W drugim meczu turnieju finałowego Pucharu Kontynentalnego w duńskim Vojens Comarch Cracovia uległa Nottingham Panthers 3:4.
Po porażce w pierwszym dniu rywalizacji z Niomanem Grodno krakowianie nie składali broni. Mimo że angielski zespół od początku grał bardzo dobrze w ataku, to pierwsza bramka padła łupem Comarch Cracovii. W 4. minucie krążek w bramce umieścił Damian Kapica. Kolejne dwa trafienia Pasy zdobyły, grając w przewadze. Jeszcze w pierwszej tercji na listę strzelców wpisał się Michal Vachovec, a w drugiej części spotkania ponownie bramkarza angielskiego zespołu pokonał Kapica.
Przez dwie tercje gra krakowian wyglądała bardzo dobrze. Wiatru w żagle Nottingham Panthers dodała bramka zdobyta w 28. minucie. Miroslav Kopriva był pod ostrzałem, lecz Pasy przetrwały swoją słabszą dyspozycję i zjechały z lodu przy prowadzeniu 3:1.
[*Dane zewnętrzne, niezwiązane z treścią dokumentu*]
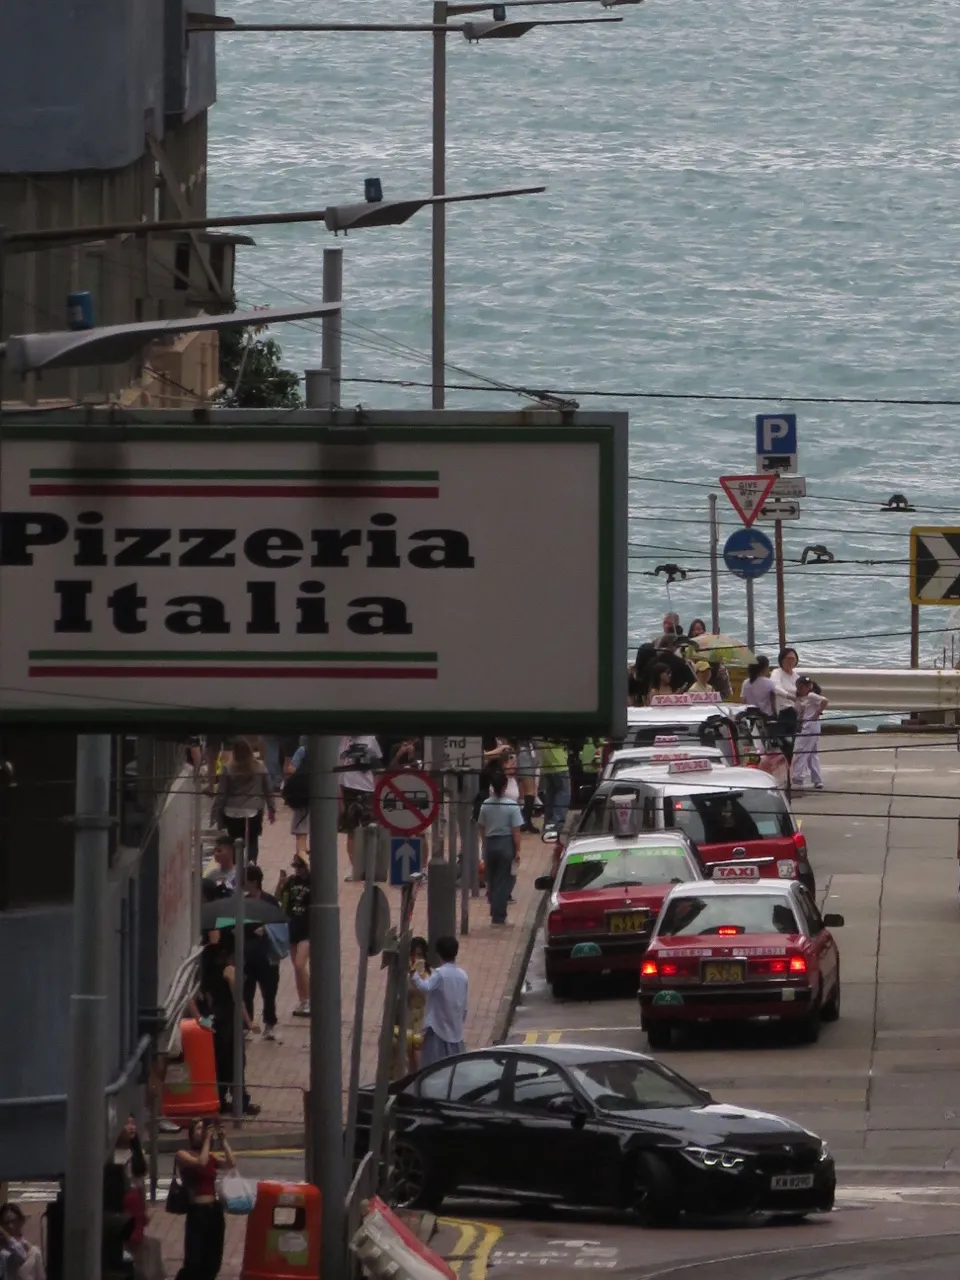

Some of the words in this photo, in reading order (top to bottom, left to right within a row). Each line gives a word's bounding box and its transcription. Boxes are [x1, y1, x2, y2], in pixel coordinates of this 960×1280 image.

[763, 419, 789, 451] P
[0, 511, 475, 569] Pizzeria
[53, 580, 414, 635] Italia
[654, 696, 689, 704] TAXI
[674, 760, 708, 771] TAXI
[718, 867, 755, 877] TAXI
Trzecia tercja początkowo nie zwiastowała katastrofy, lecz po upływie pięćdziesiątej minuty hokeiści Nottingham zaczęli czerpać sporo korzyści z gry w przewadze i doprowadzili do wyrównania. Trener Cracovii postawił wszystko na jedną kartę i w końcówce wpuścił na lód w miejsce bramkarza dodatkowego zawodnika. Na mniej niż sekundę przed końcem angielski zespół zdobył zwycięską bramkę.
Po dwóch dniach rywalizacji Cracovia z zerowym dorobkiem punktowym oraz bez szans na zwycięstwo w turnieju zamyka tabelę. Swój ostatni mecz rozegra w niedzielę z gospodarzem finałowej potyczki – Sonderjyske Vojens. Spotkanie rozpocznie się o godz. 15:30.
Nottingham Panthers – Comarch Cracovia 4:3 (0:2, 1:1, 3:0)
Bramki: Hansen (28.), Talbot (51.), Herr (56., 60.) – Kapica (4., 22.), Vachovec (16.).